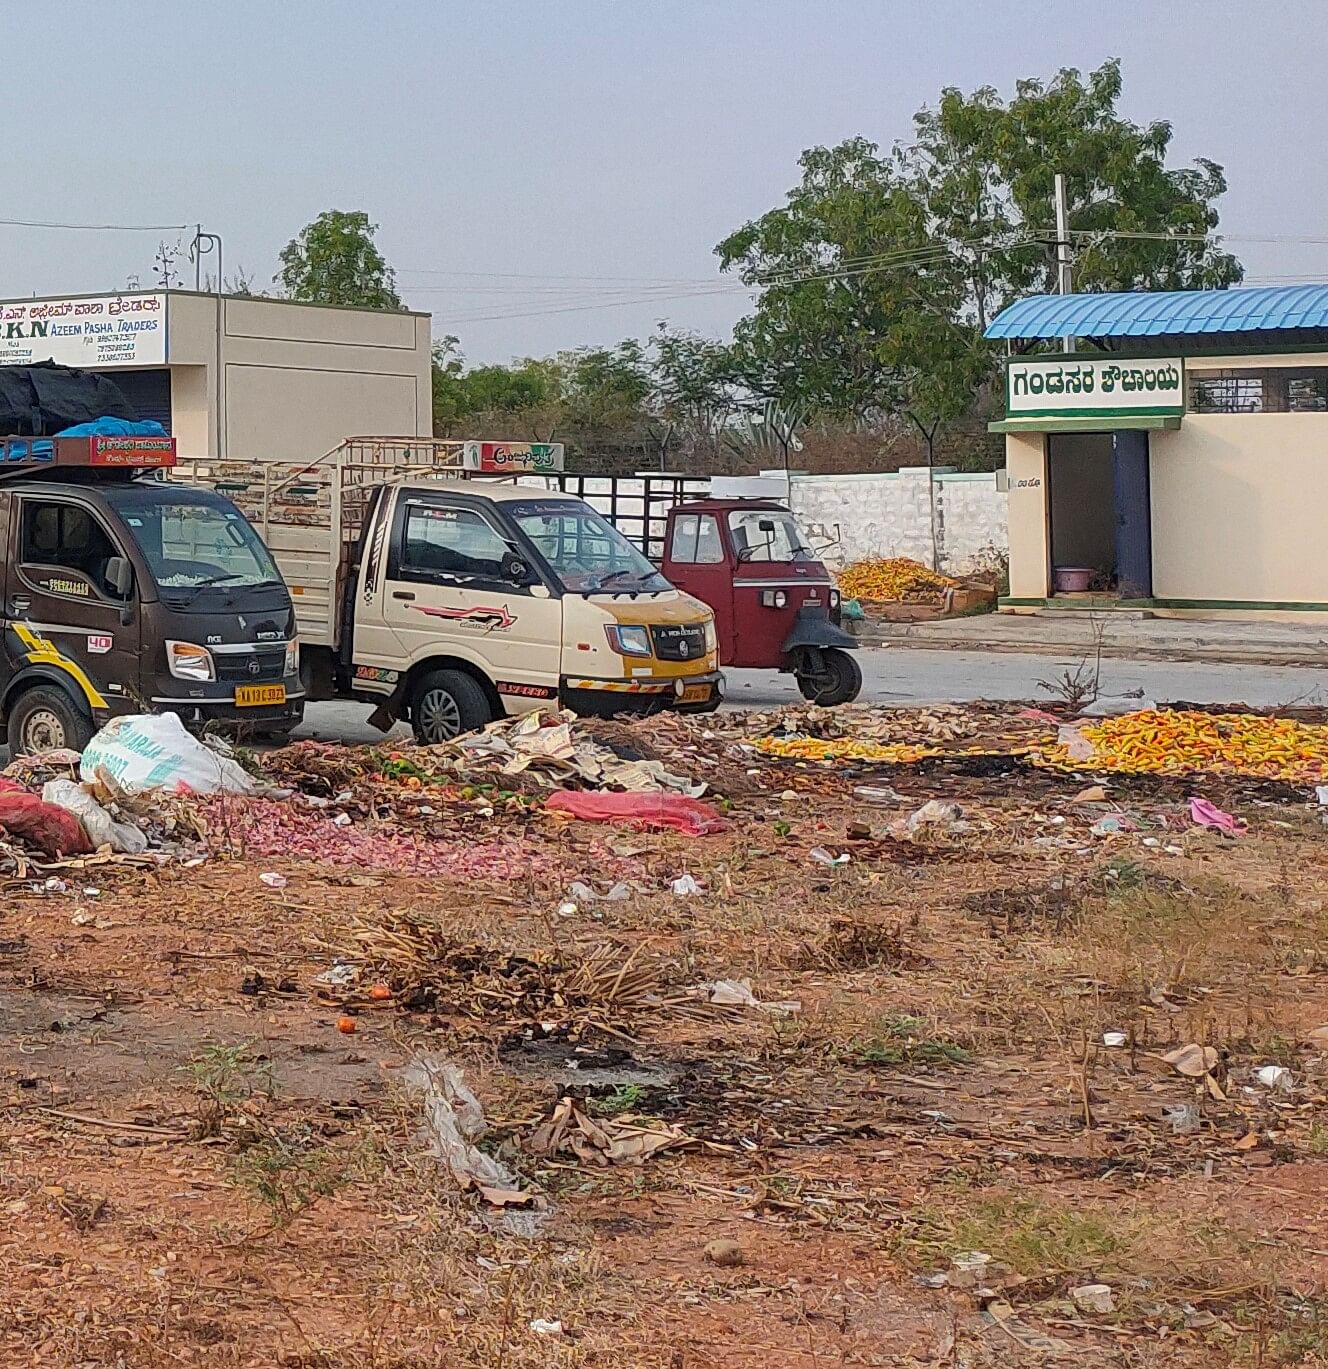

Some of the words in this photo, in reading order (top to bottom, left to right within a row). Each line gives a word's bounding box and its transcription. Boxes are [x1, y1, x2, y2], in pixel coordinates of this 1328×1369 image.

[51, 324, 82, 336] AZEEM
[85, 321, 113, 334] PASHA
[117, 319, 158, 331] TRADERS
[1013, 365, 1094, 395] ಗಂಡಸರ
[1101, 363, 1179, 392] ಶೌಚಾಲಯ

....

### Task description
Only the pictures are to be left out; everything else in the entries above must be duplicated exactly.

### Task solution
Some of the words in this photo, in reading order (top to bottom, left to right within a row). Each line gives a word's bounding box and its transcription. Boxes are [x1, y1, x2, y2], in pixel coordinates of this 1328×1369 image.

[51, 324, 82, 336] AZEEM
[85, 321, 113, 334] PASHA
[117, 319, 158, 331] TRADERS
[1013, 365, 1094, 395] ಗಂಡಸರ
[1101, 363, 1179, 392] ಶೌಚಾಲಯ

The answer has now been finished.